= WHAT TO WORK ON =
Only the pictures are to be omitted; every entry beneath should otherwise be duplicated exactly.
######
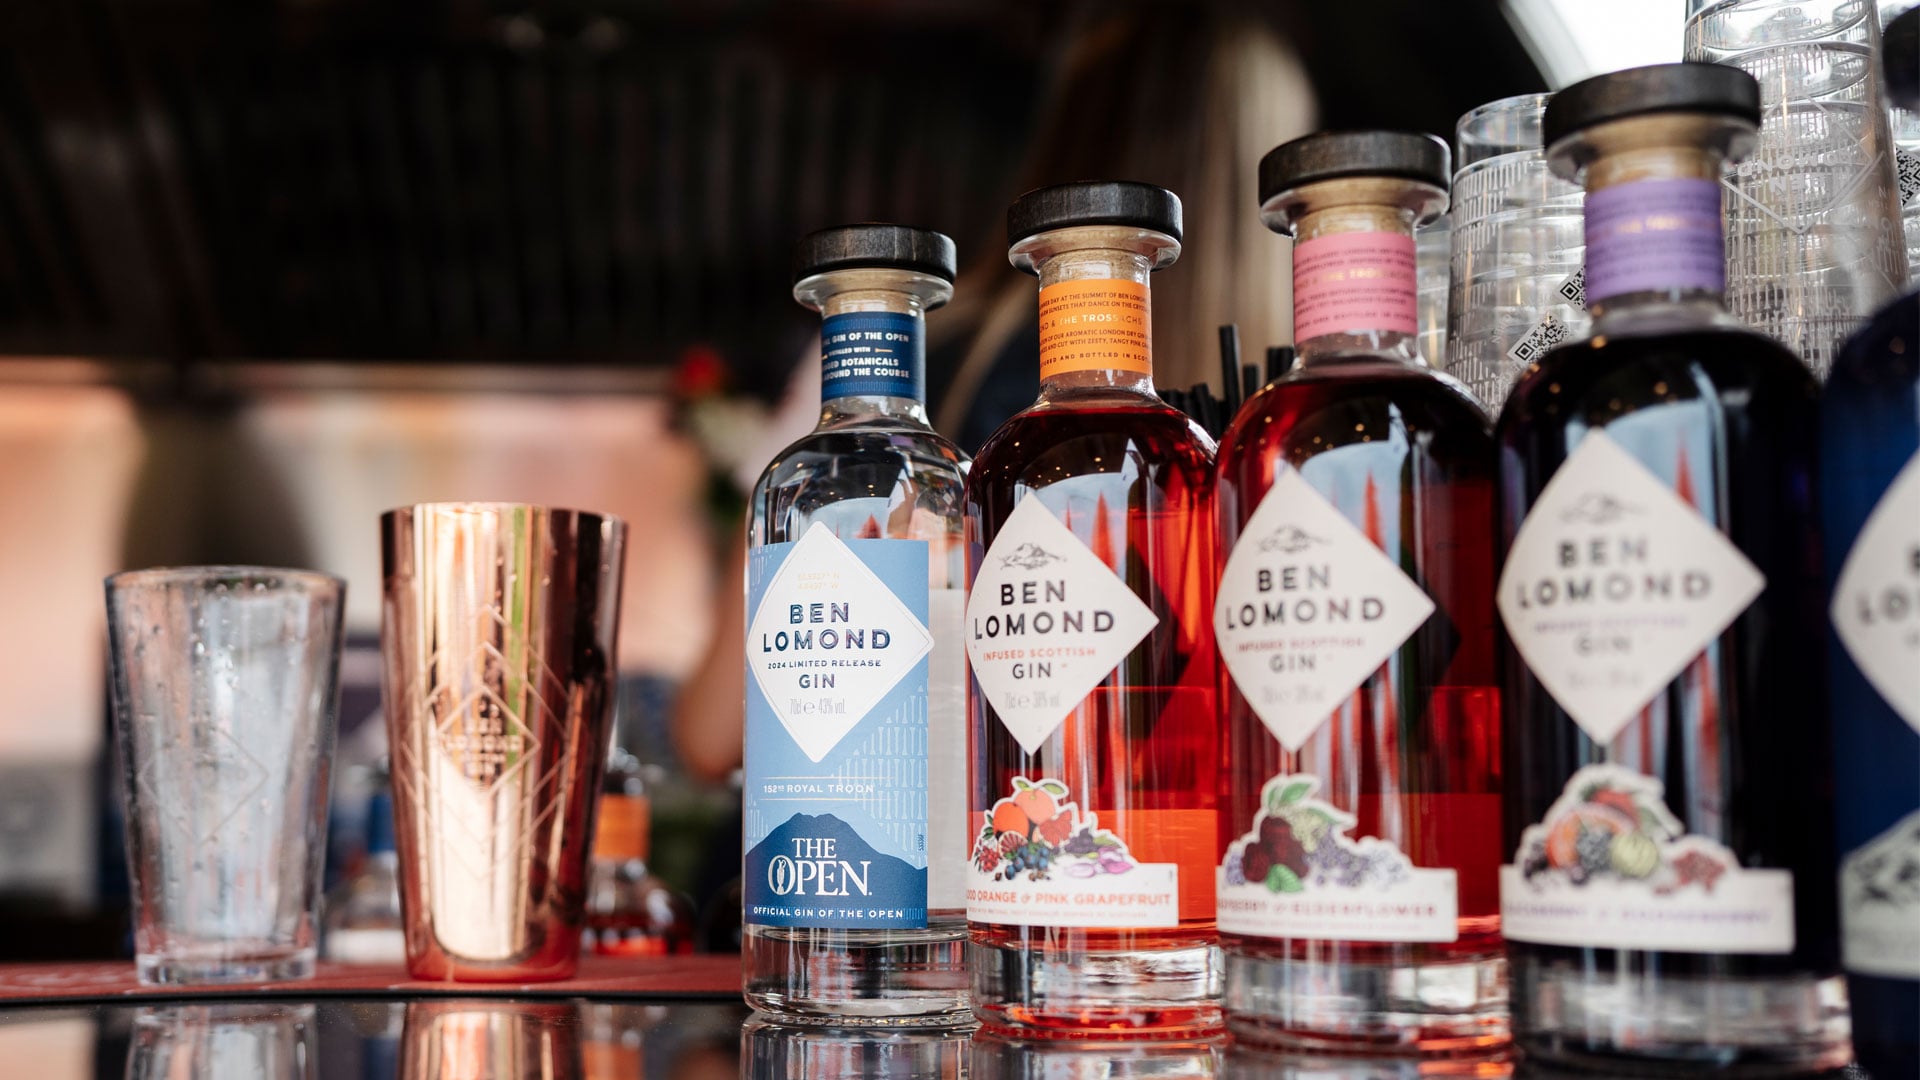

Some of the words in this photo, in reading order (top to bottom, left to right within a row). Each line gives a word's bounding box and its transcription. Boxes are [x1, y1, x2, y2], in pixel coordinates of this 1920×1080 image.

[832, 334, 846, 343] GIN
[848, 332, 862, 341] OF
[864, 332, 882, 340] THE
[885, 332, 909, 343] OPEN
[1066, 329, 1098, 337] AROMATIC
[841, 358, 899, 367] BOTANICALS
[853, 368, 871, 376] THE
[874, 368, 910, 378] COURSE
[1557, 537, 1648, 569] BEN
[1257, 564, 1330, 593] BEN
[1000, 580, 1065, 606] BEN
[1515, 570, 1712, 610] LOMOND
[789, 602, 850, 624] BEN
[1225, 596, 1385, 631] LOMOND
[974, 610, 1115, 640] LOMOND
[763, 628, 891, 653] LOMOND
[983, 650, 1025, 661] INFUSED
[1029, 647, 1097, 659] SCOTTISH
[767, 661, 787, 670] 2024
[789, 659, 828, 668] LIMITED
[831, 659, 882, 668] RELEASE
[1011, 662, 1052, 679] GIN
[1268, 653, 1316, 674] GIN
[798, 673, 836, 689] GIN
[786, 784, 823, 793] ROYAL
[827, 784, 875, 793] TROON
[791, 838, 838, 859] THE
[978, 889, 1018, 904] ORANGE
[1036, 893, 1069, 905] PINK
[1073, 893, 1172, 906] GRAPEFRUIT
[753, 906, 791, 917] OFFICIAL
[794, 908, 814, 917] GIN
[819, 909, 834, 917] OF
[839, 909, 864, 918] THE
[868, 909, 904, 918] OPEN
######
= PROBLEM SOLUTION =
Some of the words in this photo, in reading order (top to bottom, left to right within a row). Each line gives a word's bounding box and its transcription. Boxes are [x1, y1, x2, y2], in pixel coordinates of this 1920×1080 image.

[832, 334, 846, 343] GIN
[848, 332, 862, 341] OF
[864, 332, 882, 340] THE
[885, 332, 909, 343] OPEN
[1066, 329, 1098, 337] AROMATIC
[841, 358, 899, 367] BOTANICALS
[853, 368, 871, 376] THE
[874, 368, 910, 378] COURSE
[1557, 537, 1648, 569] BEN
[1257, 564, 1330, 593] BEN
[1000, 580, 1065, 606] BEN
[1515, 570, 1712, 610] LOMOND
[789, 602, 850, 624] BEN
[1225, 596, 1385, 631] LOMOND
[974, 610, 1115, 640] LOMOND
[763, 628, 891, 653] LOMOND
[983, 650, 1025, 661] INFUSED
[1029, 647, 1097, 659] SCOTTISH
[767, 661, 787, 670] 2024
[789, 659, 828, 668] LIMITED
[831, 659, 882, 668] RELEASE
[1011, 662, 1052, 679] GIN
[1268, 653, 1316, 674] GIN
[798, 673, 836, 689] GIN
[786, 784, 823, 793] ROYAL
[827, 784, 875, 793] TROON
[791, 838, 838, 859] THE
[978, 889, 1018, 904] ORANGE
[1036, 893, 1069, 905] PINK
[1073, 893, 1172, 906] GRAPEFRUIT
[753, 906, 791, 917] OFFICIAL
[794, 908, 814, 917] GIN
[819, 909, 834, 917] OF
[839, 909, 864, 918] THE
[868, 909, 904, 918] OPEN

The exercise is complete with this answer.